* **Exercise requirements**
The entries below should be set down again exactly, with every picture left out.
--- Information provided ---
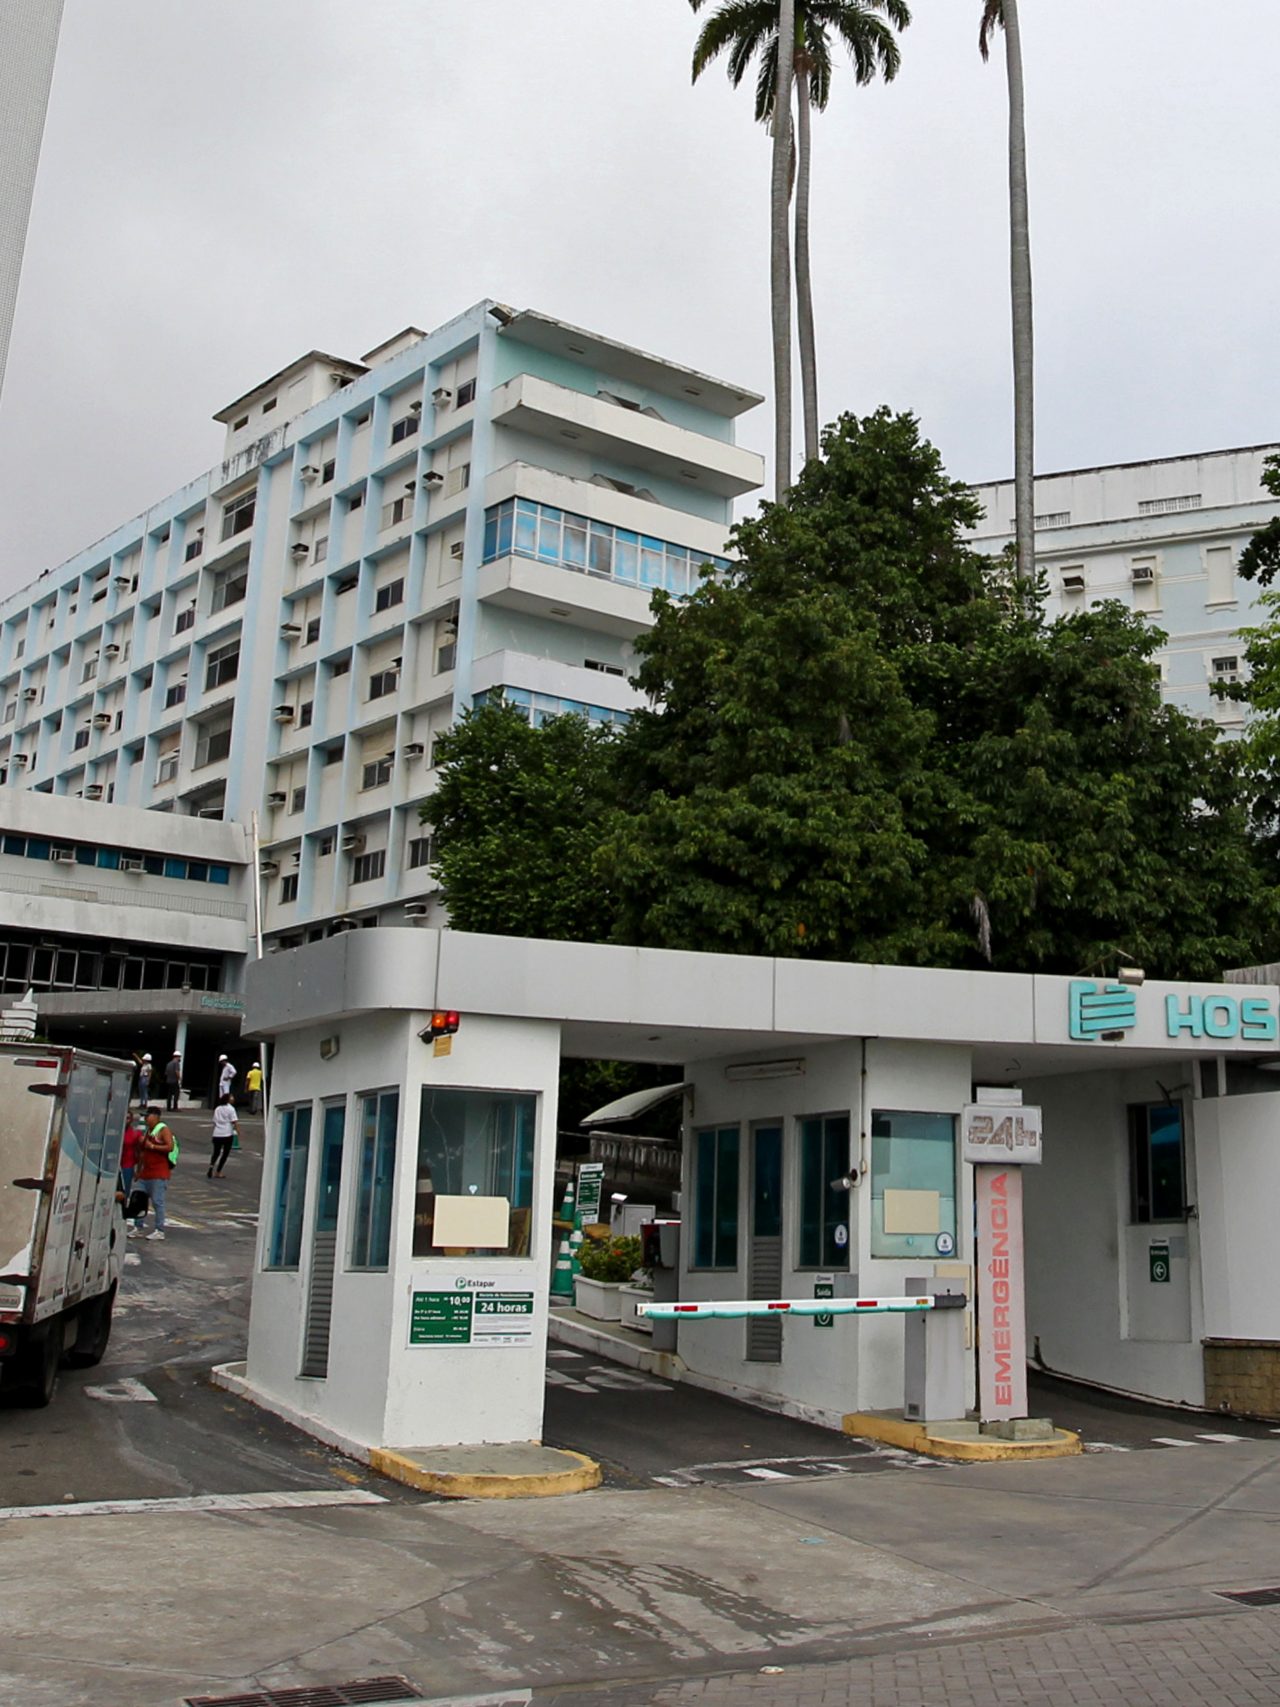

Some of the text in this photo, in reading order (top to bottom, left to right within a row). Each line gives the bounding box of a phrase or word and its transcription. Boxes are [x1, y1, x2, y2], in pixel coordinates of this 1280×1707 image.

[967, 1114, 1038, 1152] 24h
[467, 1280, 496, 1288] Estapar
[988, 1172, 1013, 1407] EMERGÊNCIA
[481, 1302, 528, 1313] 24 horas
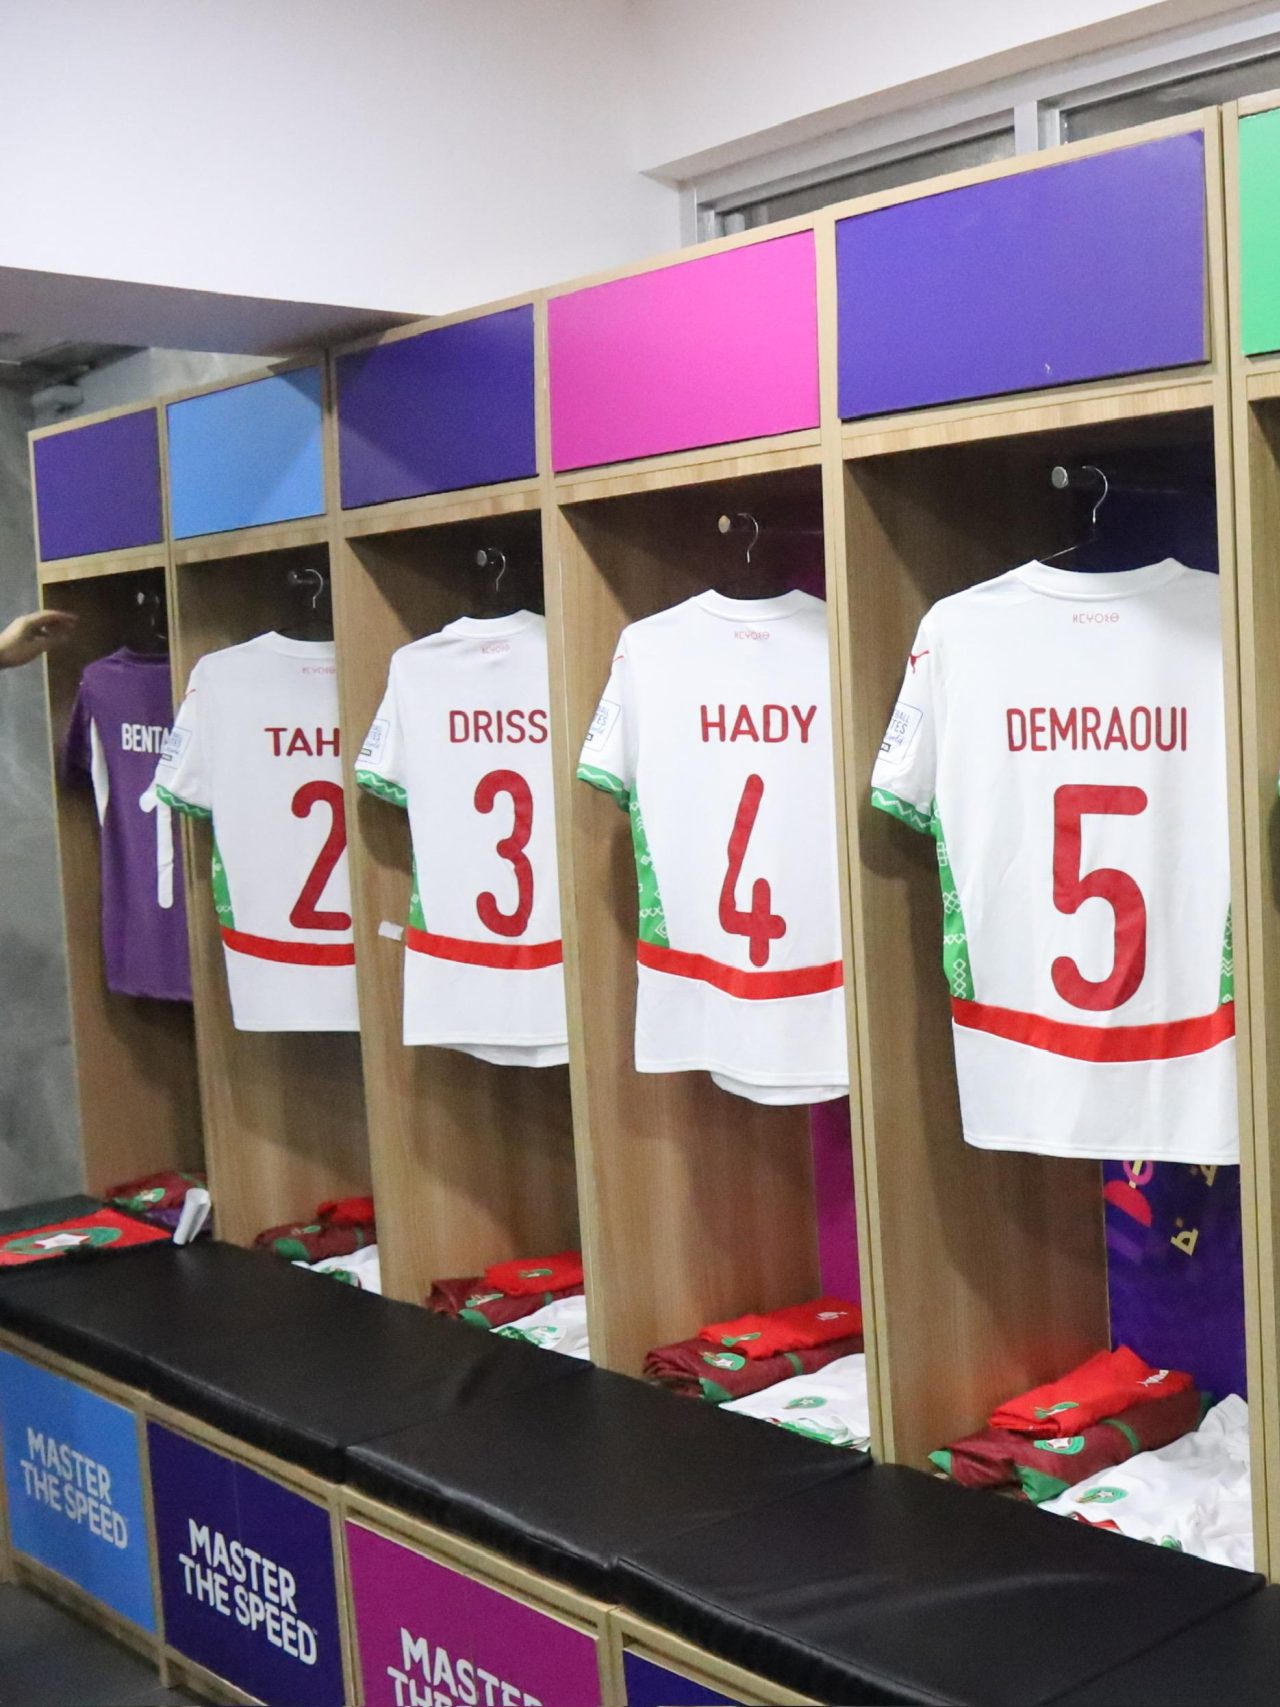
---
* **Solved problem**
Some of the text in this photo, in reading order (top to bottom, left to right within a row). Each line gives the bounding box of a phrase or word and its transcription. Boxes are [x1, y1, x2, y2], in pixel coordinates of this 1280×1707 image.

[967, 1114, 1038, 1152] 24h
[467, 1280, 496, 1288] Estapar
[988, 1172, 1013, 1407] EMERGÊNCIA
[481, 1302, 528, 1313] 24 horas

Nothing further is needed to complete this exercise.